De acordo com a agência russa, a defesa de Kennedy discordou da decisão do tribunal de primeira instância e apresentou recurso. A corte de apelação, porém, manteve a autorização de prisão.
Participação na guerra na Ucrânia
Antes, Conor Kennedy havia afirmado em suas redes sociais que retornou da Ucrânia em outubro de 2022, após participar de operações de combate na região de Kharkiv, no nordeste do país.
Segundo o próprio americano, ele integrou a Legião Internacional, unidade formada por estrangeiros que atuam ao lado das forças ucranianas. Na ocasião, Kennedy disse que participou dos combates de forma não identificada.
Conor Kennedy é neto de Robert Kennedy, que foi procurador-geral dos Estados Unidos, e sobrinho-neto de John F. Kennedy, presidente americano entre 1961 e 1963.
Outros estrangeiros
A Justiça russa também tomou decisões parecidas contra outros estrangeiros acusados de atuar como mercenários ao lado das forças ucranianas.

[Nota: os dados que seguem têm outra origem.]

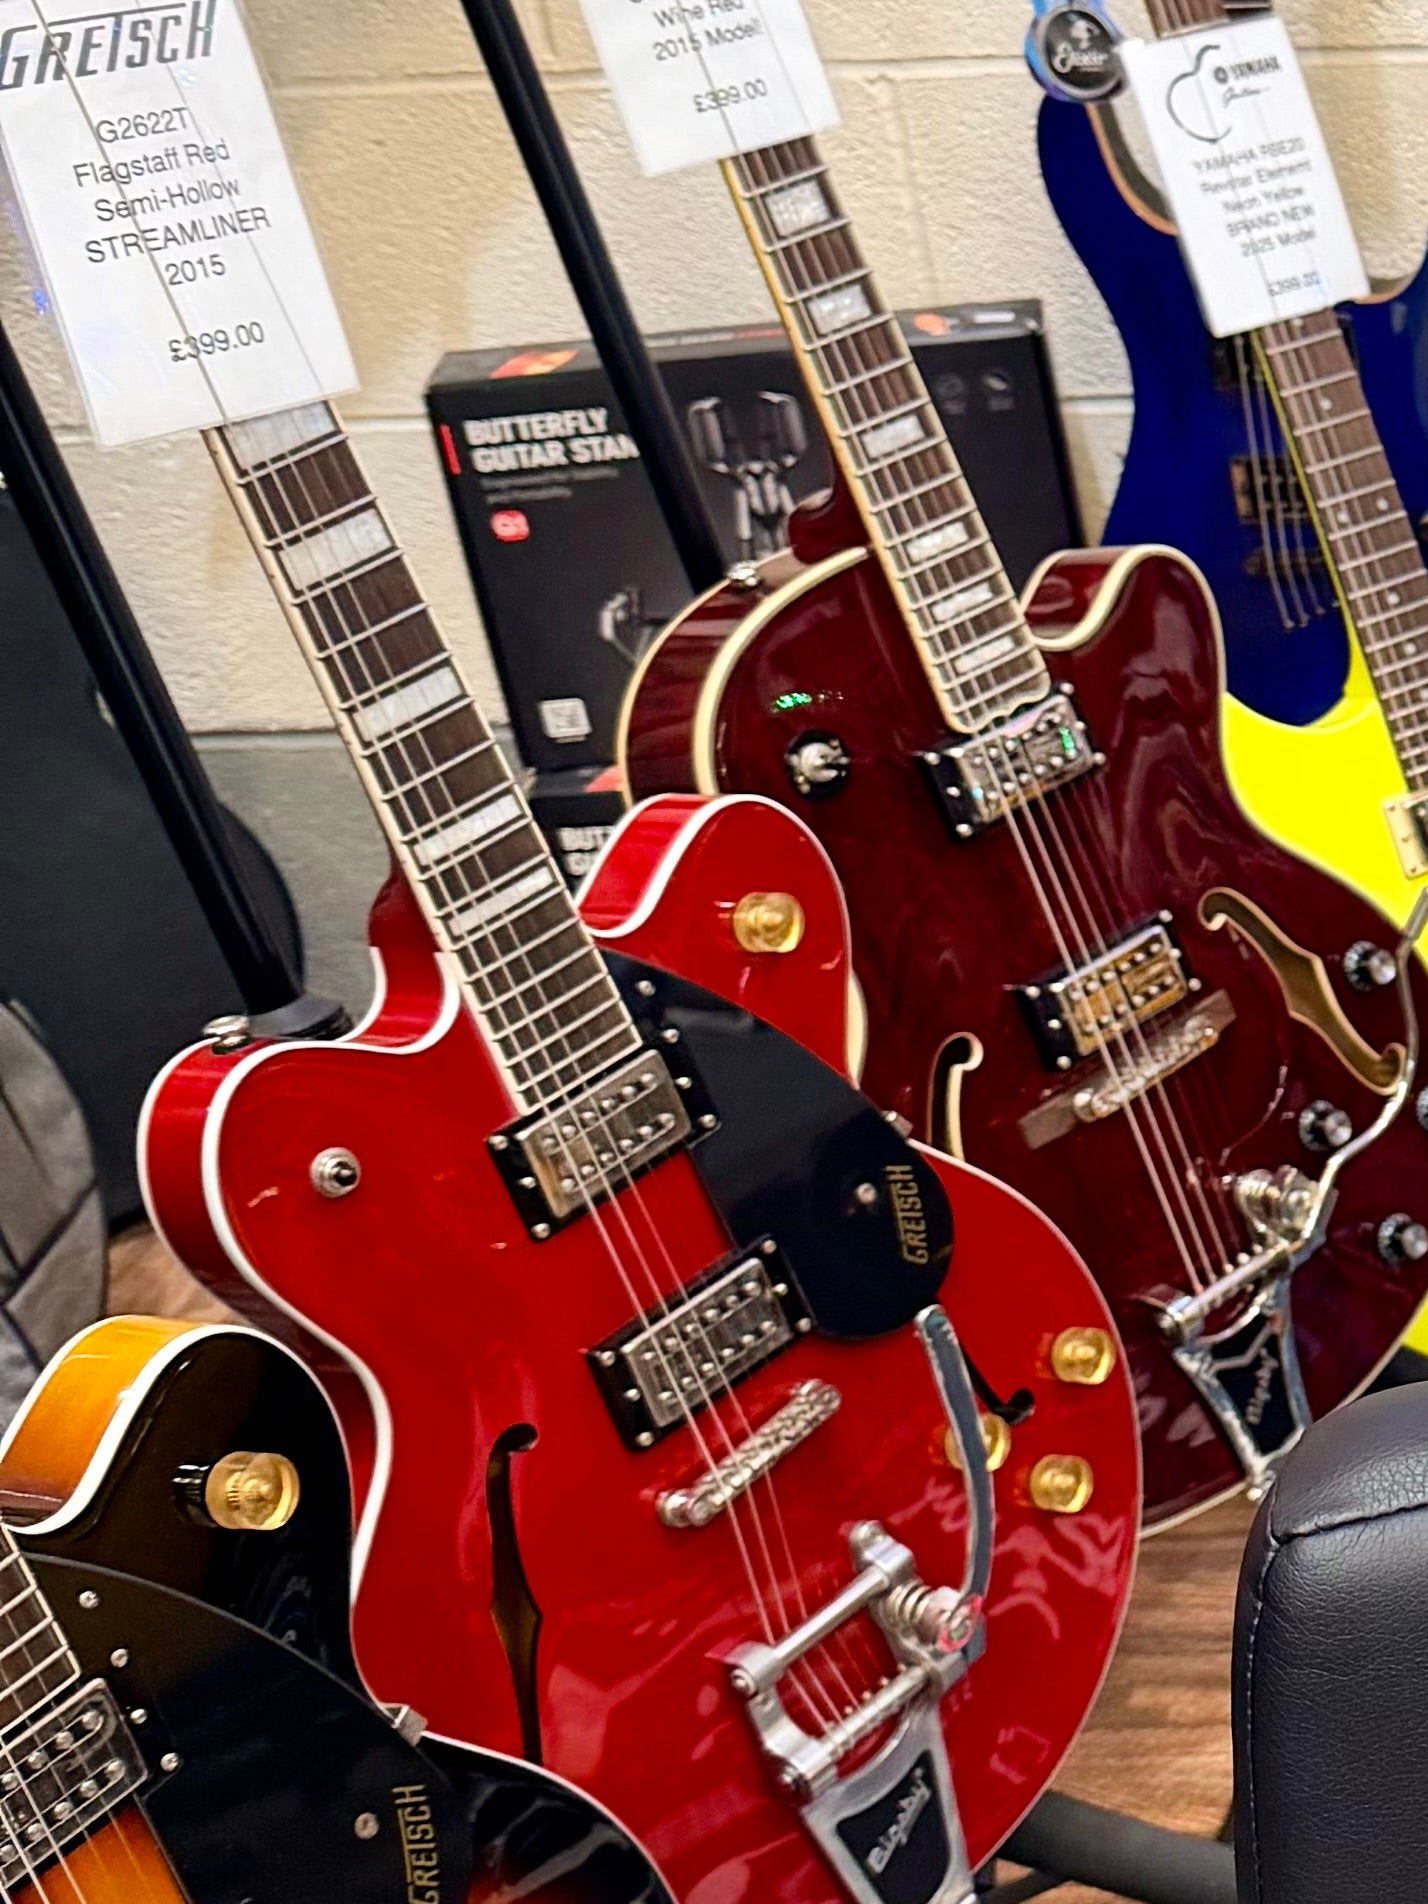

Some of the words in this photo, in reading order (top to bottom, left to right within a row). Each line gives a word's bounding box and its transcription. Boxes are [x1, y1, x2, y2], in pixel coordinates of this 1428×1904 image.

[653, 1, 705, 29] Wine
[0, 0, 217, 90] GRETSCH
[97, 107, 191, 144] G2622T
[73, 148, 180, 187] Flagstaff
[185, 139, 231, 166] Red
[95, 178, 241, 222] Semi-Hollow
[85, 206, 271, 264] STREAMLINER
[166, 254, 225, 286] 2015
[169, 322, 265, 363] £399.00
[462, 407, 608, 446] BUTTERFLY
[471, 440, 569, 473] GUITAR
[569, 433, 640, 464] STAN
[882, 1165, 929, 1265] GRETSCH

Entre os casos citados pela TASS estão o americano Tracy James Ingram Asbill, conhecido como Mickey; o britânico Joseph Richard Ryan Shorney, chamado de Jax; a sueca Anna Caroline Alexandra Nordengrip, conhecida como Alex; e o sérvio Nenad Arsic.
Também foram citados o tcheco Jan Trcka, apontado como recrutador; o georgiano Akaki Murachashvili; o estoniano Oleg Kolevatov; o colombiano Ivan Tico Dario Ramirez e Karel Cherel-Salzburg, que teria deixado a Ucrânia e ido para a França.
Segundo a agência russa, todos esses estrangeiros foram presos à revelia e incluídos na lista internacional de procurados por supostas atividades mercenárias ao lado das forças ucranianas. As decisões judiciais relatadas pela TASS já entraram em vigor.
A prisão à revelia ocorre quando a Justiça determina a prisão de uma pessoa que não está presente no processo ou não foi localizada para responder à acusação. A medida, porém, não significa que o acusado tenha sido condenado.
A jurisprudência brasileira, por exemplo, indica que a simples ausência do réu não é, por si só, suficiente para justificar uma prisão preventiva, sendo necessária a existência de outros elementos que demonstrem a necessidade da medida.